“STRISCIA”, L’USO SCORRETTO DEL “POLITICAMENTE CORRETTO”: ALCUNI ESEMPI
Striscia non chiede scusa perché è, e resterà, una trasmissione satirica e, come le trasmissioni satiriche e comiche di tutto il mondo, politicamente scorretta (Ufficio stampa di Striscia la notizia, Ansa, 15 aprile).
La scenetta di Striscia con Gerry Scotti e Michelle Hunziker che fanno la caricatura dei cinesi dicendo L invece di R e mimando gli occhi a mandorla ha avuto una risonanza internazionale che ha sorpreso molti italiani: non abituati al discorso sul razzismo nei media, mostrano di ignorare che si può essere razzisti anche in modo involontario. Perfetta, quindi, la contrizione di Michelle (“Sono lungi dall’essere razzista, gli stereotipi si insinuano nella nostra quotidianità senza che ci accorgiamo della loro presenza e senza farci rendere conto che potrebbero essere dolorosi per qualcun altro. Ci abituiamo alla loro presenza e li normalizziamo.
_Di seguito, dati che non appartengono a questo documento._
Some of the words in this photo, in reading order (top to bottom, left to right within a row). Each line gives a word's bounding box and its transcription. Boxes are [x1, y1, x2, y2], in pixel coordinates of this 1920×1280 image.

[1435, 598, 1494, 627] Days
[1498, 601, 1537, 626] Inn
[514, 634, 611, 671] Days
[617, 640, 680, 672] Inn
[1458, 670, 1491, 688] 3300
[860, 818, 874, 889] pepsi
Ma ora stiamo imparando a cambiare. Tutti noi stiamo imparando, e sono lieta di poter cogliere l’occasione di cambiare anch’io. Quindi, di nuovo vi chiedo scusa. E vi prego di non odiare: tutti facciamo degli errori”), in un video su Instagram che la mostra in total white, la divisa ufficiale delle pubbliche scuse worldwide.
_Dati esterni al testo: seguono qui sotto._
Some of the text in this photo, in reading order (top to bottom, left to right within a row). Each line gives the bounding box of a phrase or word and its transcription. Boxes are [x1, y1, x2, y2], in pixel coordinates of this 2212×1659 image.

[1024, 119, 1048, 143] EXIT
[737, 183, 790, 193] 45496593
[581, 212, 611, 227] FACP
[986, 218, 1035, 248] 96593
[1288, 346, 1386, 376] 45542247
Purtroppo, chi ha difeso il programma ha banalizzato buttandola sulla “dittatura del politicamente corretto” e sul “diritto di satira”. Cerchiamo di sbrogliare la matassa, di cui fa parte anche un fatto emblematico: i giornali italiani hanno ricordato le minacce di morte ricevute dai due conduttori, ma hanno dimenticato quelle da cui è stato subissato Louis Pisano, il giornalista di Harper’s Bazaar che ha stigmatizzato su Instagram la gag di Striscia ( shorturl.at/bqaop ).
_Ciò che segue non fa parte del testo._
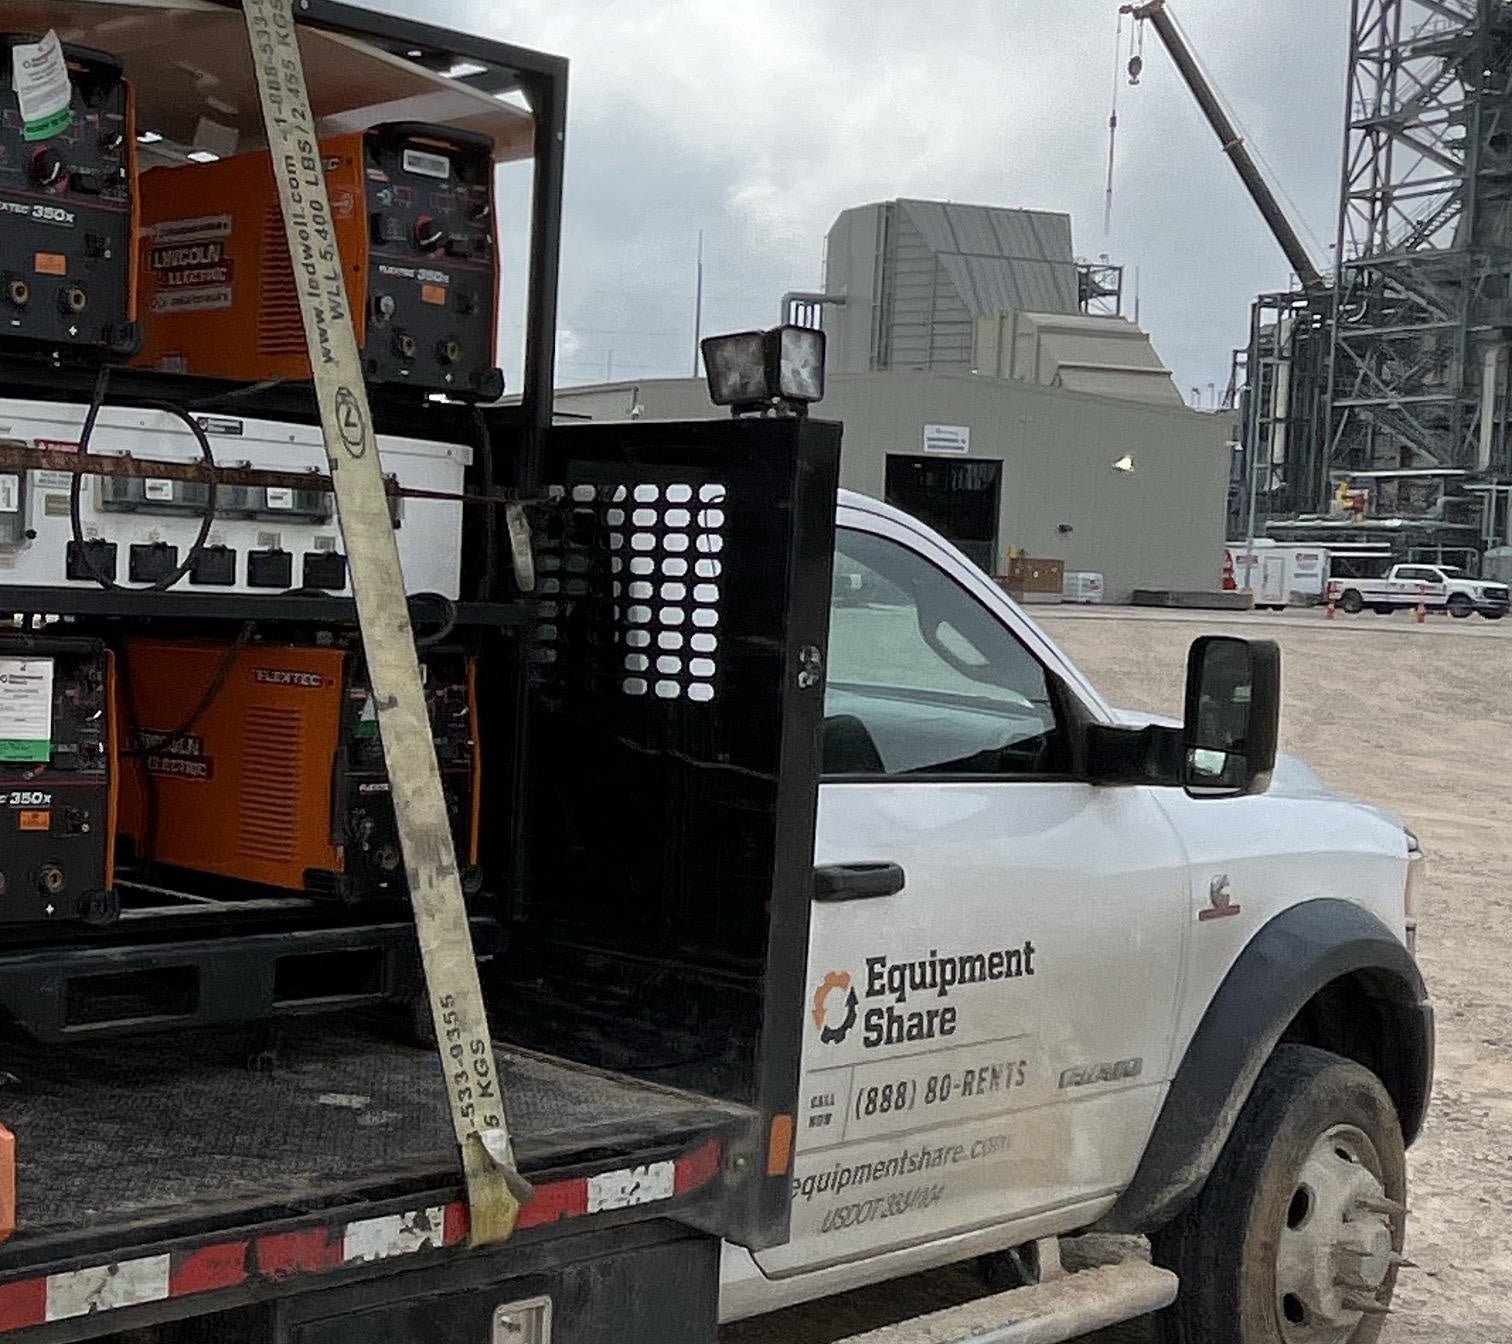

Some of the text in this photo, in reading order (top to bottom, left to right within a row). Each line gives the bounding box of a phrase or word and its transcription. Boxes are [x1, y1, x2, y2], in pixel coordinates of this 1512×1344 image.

[297, 139, 319, 188] LBS
[152, 243, 221, 268] LINCOLN
[324, 267, 346, 322] WLL
[256, 669, 322, 686] FLEXTEC
[864, 940, 1036, 1003] Equipment
[863, 1005, 958, 1049] Share
[470, 1039, 494, 1099] KGS
[855, 1079, 917, 1121] (888)
[924, 1060, 1028, 1105] 80-RENTS
[808, 1113, 833, 1128] NOW
[810, 1093, 836, 1109] CALL
[792, 1134, 1011, 1202] equipmentshare.com
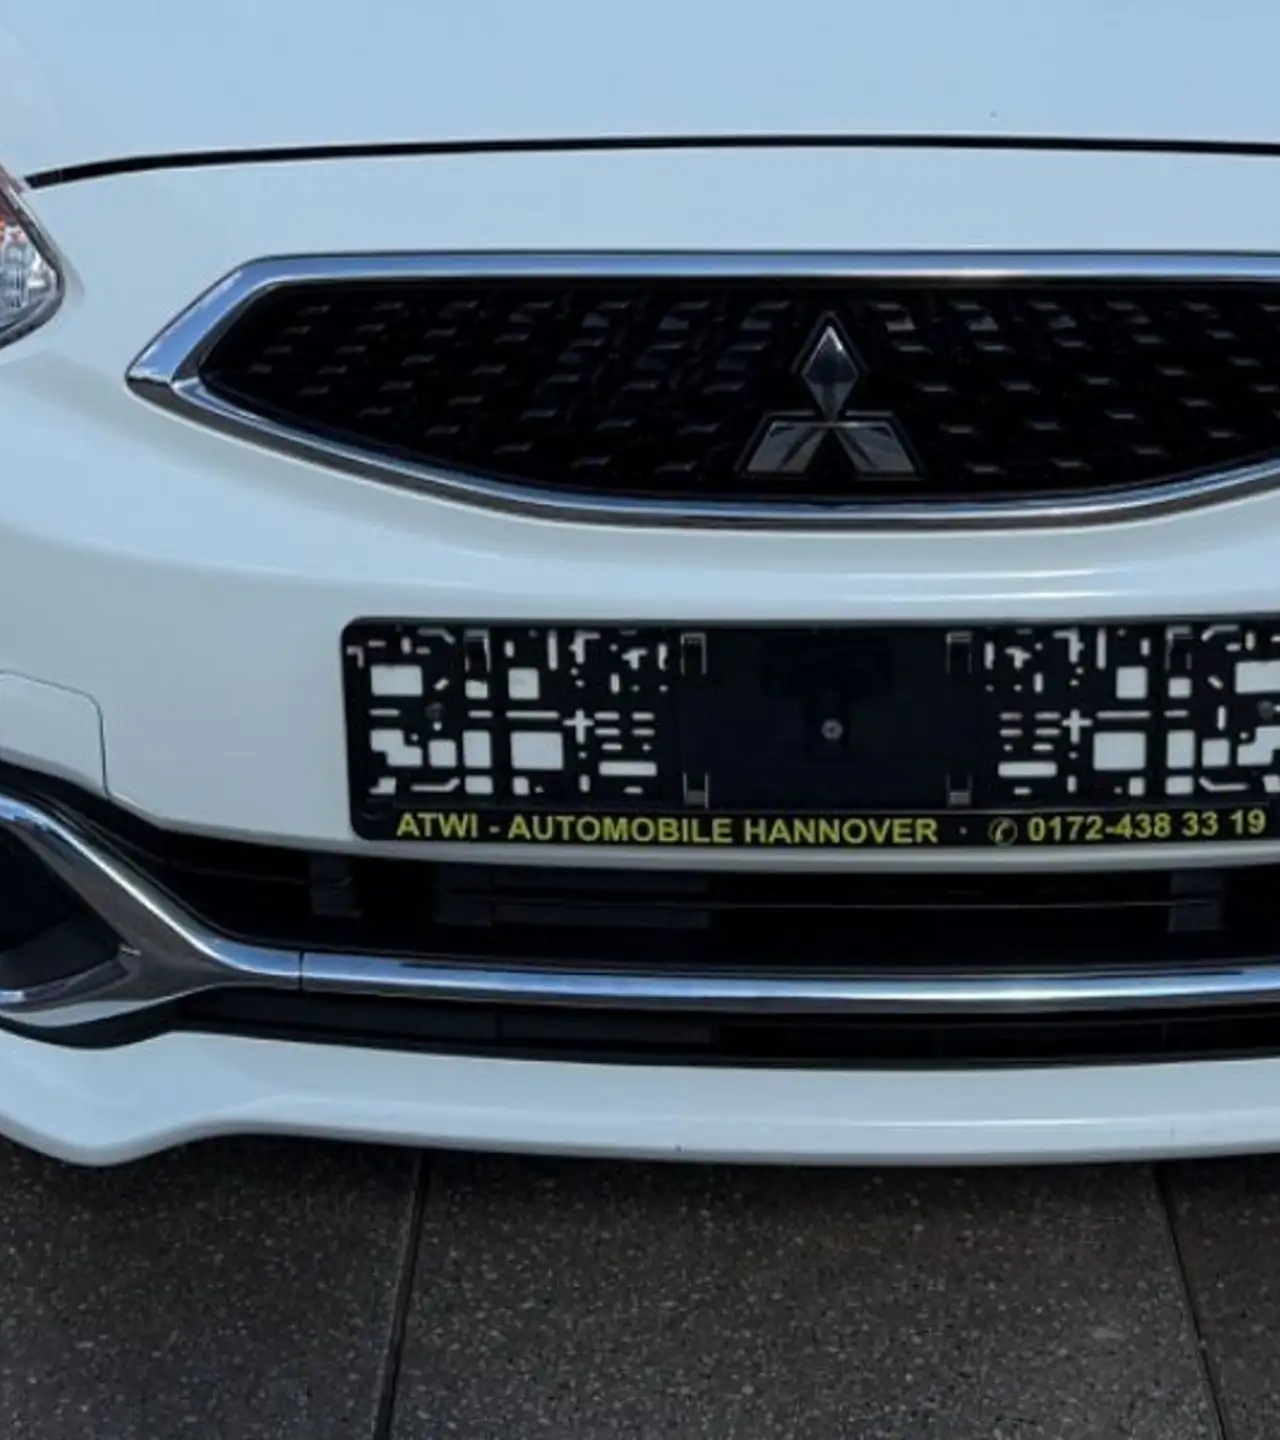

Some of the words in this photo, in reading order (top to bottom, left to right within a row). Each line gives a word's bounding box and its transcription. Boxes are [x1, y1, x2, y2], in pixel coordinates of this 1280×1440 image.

[396, 812, 479, 839] ATWI
[508, 814, 733, 843] AUTOMOBILE
[743, 817, 939, 845] HANNOVER
[1027, 812, 1172, 842] 0172-438
[1181, 810, 1219, 839] 33
[1229, 808, 1267, 836] 19
Un discorso è “politicamente corretto” se non ghettizza per etnia, genere, orientamento sessuale, età, religione e disabilità: la locuzione, dunque, esprime un concetto nobile, ma nei Paesi multiculturali la destra se ne serve per derubricare a una questione di stile, da sbeffeggiare, sia le critiche sostanziali alle sue politiche reazionarie e discriminatorie, sia i giudizi contro il linguaggio che le formula, nel qual caso la destra inveisce contro la “polizia del pensiero”. Questa tendenza perniciosa, di cui l’ultimo esponente chiassoso è stato Trump, finisce per sdoganare comportamenti aberranti, come quelli contro cui è sorto il movimento di protesta #blacklivesmatter. Una tattica sussidiaria dei reazionari, molto in voga sui social, invoca la “libertà di espressione”, come se ci fosse libertà di razzismo. I più sofisticati ricorrono a una frase di Ricky Gervais: “Solo perché ti sei offeso, non significa che hai ragione”. Giusto, ma l’argomento è reversibile: “Solo perché mi sono offeso, non significa che ho torto”. Razzismo e discriminazione, infatti, non riguardano l’atto di offendersi (che può essere più o meno giustificato: se l’esistenza dei gay ti offende, hai torto), ma il contenuto razzista e discriminatorio (che può essere giudicato tale in modo obiettivo, e può essere indipendente dalle intenzioni dell’emittente: se perculi i gay come esseri ridicoli, hai torto). Le idee, e la lingua che le esprime, si adeguano ai mutamenti della società: possono farlo in peggio, come durante il nazismo, o in meglio, come sta accadendo nelle democrazie occidentali grazie ai movimenti per i diritti civili. Oggi, per esempio, non sono più accettabili barzellette come questa, tratta da un’antologia stampata a New York nel 1921: “Un uomo di colore, benestante, si ammala, ma non migliora con le cure di un medico della sua stessa razza. Così chiama un medico bianco, che dopo un esame accurato gli domanda: ‘L’altro dottore le ha preso la temperatura?’ Il malato scuote la testa: ‘Non lo so, signore. Mi pare mi manchi solo l’orologio’”.